It should have been simple for Magnus Carlsen, or at least as simple as a top-tier chess game can be. When the world chess champion sat down across from 19-year-old American Hans Niemann at the Sinquefield Cup earlier this month, he had the benefit of playing with the white pieces, he was on a 53-game unbeaten streak, and was facing someone who entered the tournament as the lowest-rated player.

Few were expecting an upset, but that’s just what happened.

Carlsen’s loss to Niemann in that game was unusual, but what followed was even more so. The next day, the world’s number one chess star withdrew from the tournament without explanation; only a short statement posted to Twitter and a meme.

“I’ve withdrawn from the tournament. I’ve always enjoyed playing in the @STLChessClub, and hope to be back in the future,” he wrote in a tweet, which was accompanied by a video clip of José Mourinho, saying, “I prefer really not to speak. If I speak, I am in big trouble.”

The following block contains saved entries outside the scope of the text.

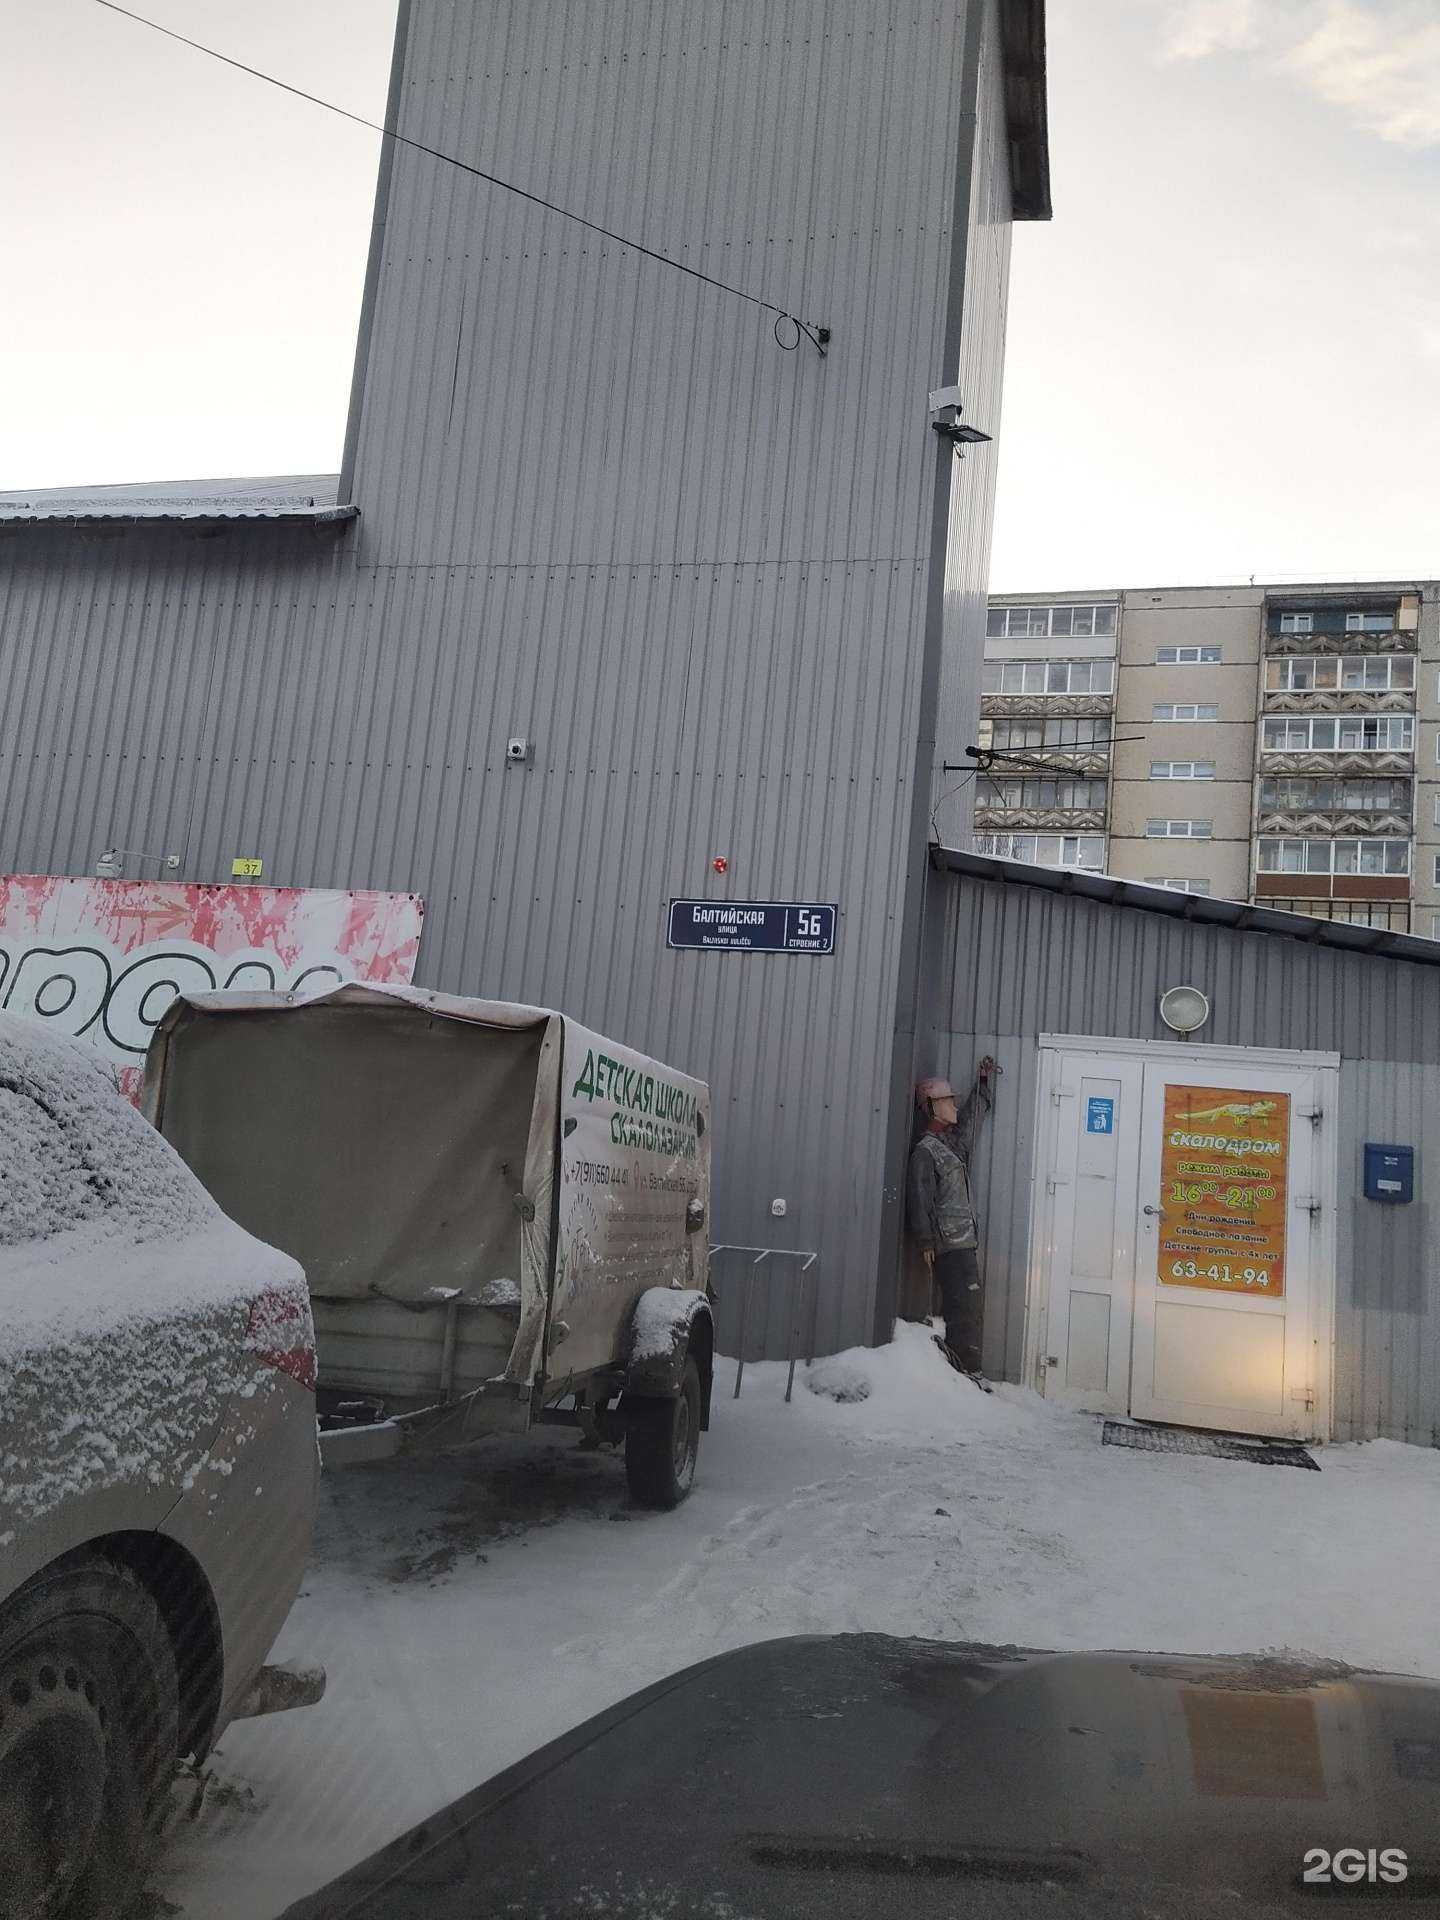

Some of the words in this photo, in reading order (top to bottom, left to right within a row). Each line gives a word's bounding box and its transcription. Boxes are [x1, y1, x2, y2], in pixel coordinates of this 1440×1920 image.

[243, 863, 258, 874] 37
[692, 906, 765, 925] БАЛТИЙСКАЯ
[717, 926, 738, 934] УЛИЦА
[789, 938, 821, 948] СТРОЕНИЕ
[822, 938, 828, 948] 2
[572, 1048, 655, 1115] ДЕТСКАЯ
[655, 1080, 697, 1129] ШКОЛА
[1178, 1162, 1221, 1175] режим
[1222, 1165, 1271, 1179] работы
[1176, 1226, 1226, 1239] Свободное
[1228, 1233, 1268, 1244] лазание
[1164, 1240, 1202, 1253] Детские
[1204, 1245, 1239, 1257] группы
[1262, 1252, 1278, 1261] лет
[1171, 1260, 1270, 1287] 63-41-94
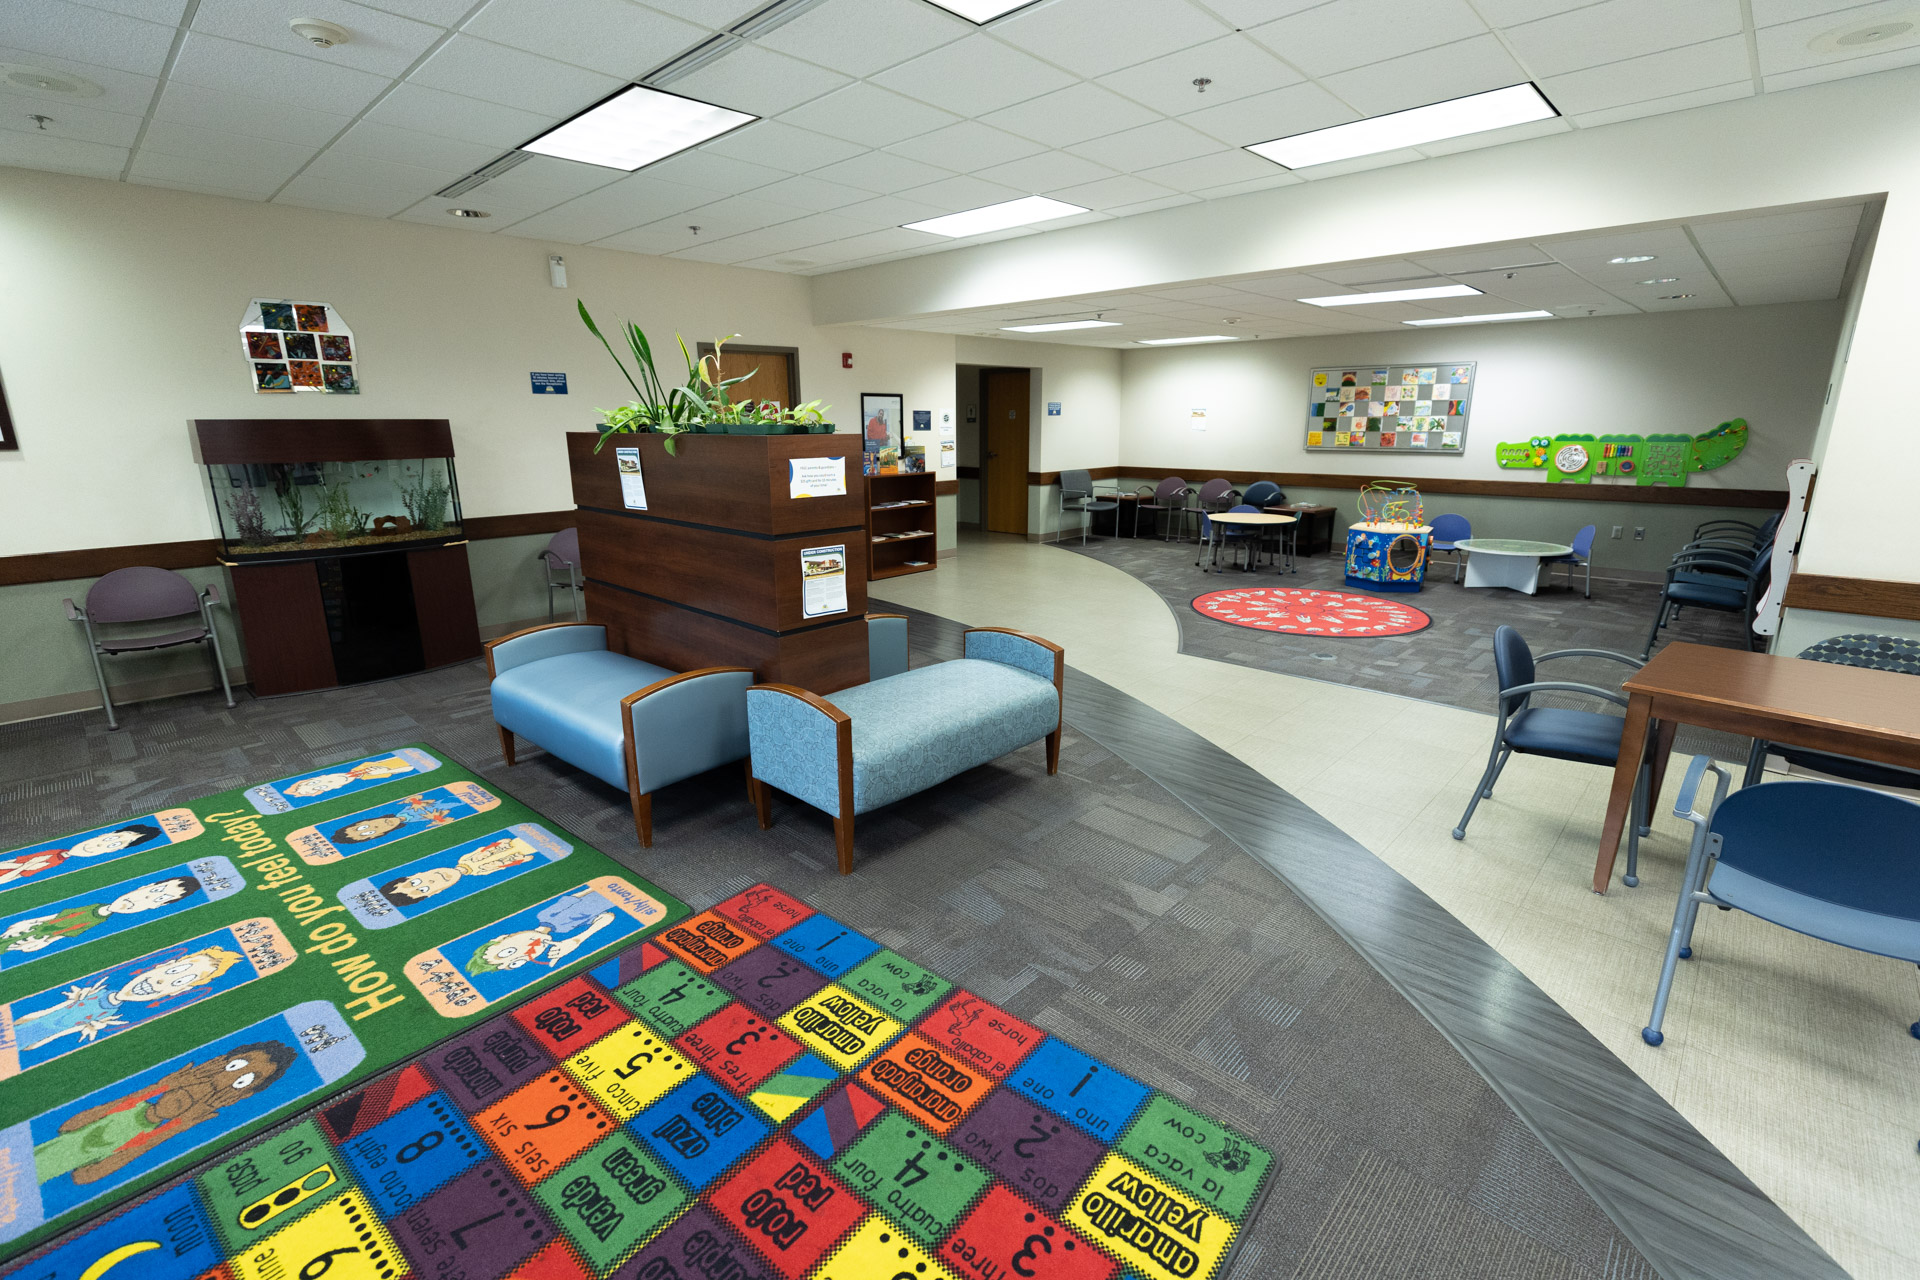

Carlsen didn’t say so explicitly himself, but his withdrawal and the cryptic video were interpreted as a veiled accusation of cheating against Niemann.

Niemann has vehemently denied the accusations against him, but the world of chess — which is its own ecosystem of players and teachers, YouTubers, streamers and fans — has been consumed by the drama ever since.

“Basically it seems like Magnus Carlsen thinks something’s not quite right with Hans Niemann,” said Levy Rozman, an international master and host of a popular chess-based YouTube channel, in a video. He described it as “likely the biggest chess scandal in history.”

Cheating in chess is as old as the game itself. But the rise of online play, coupled with the invention of chess engines powered by artificial intelligence that can calculate millions of possible moves in seconds, has led to an explosion in cheating in recent years. Chess.com, the most popular chess platform on the internet, calls cheating “the dirty not-so-secret of chess,” one that has “plagued online chess websites.” The site says it suspends around 500 accounts a day for cheating.

So, how was Niemann, who played Carlsen in person, supposed to have cheated? This is where things get weird. A theory reportedly from the depths of Reddit, which suggested Neimann used vibrating anal beads to receive move commands from an outside helper, was discussed as if it were a serious likelihood by grandmaster Eric Hansen on a livestream. Another theory suggested Niemann might be using a “tiny laser” that “draws an ultraviolet line on the board visible only through soecial [sic] contacts.”

Niemann had his own theory, positing in his post-match interview that Carlsen “was just so demoralized because he’s losing to an idiot like me. It must be embarrassing for the world champion to lose to me. I feel bad for him.”

What followed was something akin to a true crime drama. Niemann’s history was fiercely scrutinised online, his past games studied for anomalies and patterns.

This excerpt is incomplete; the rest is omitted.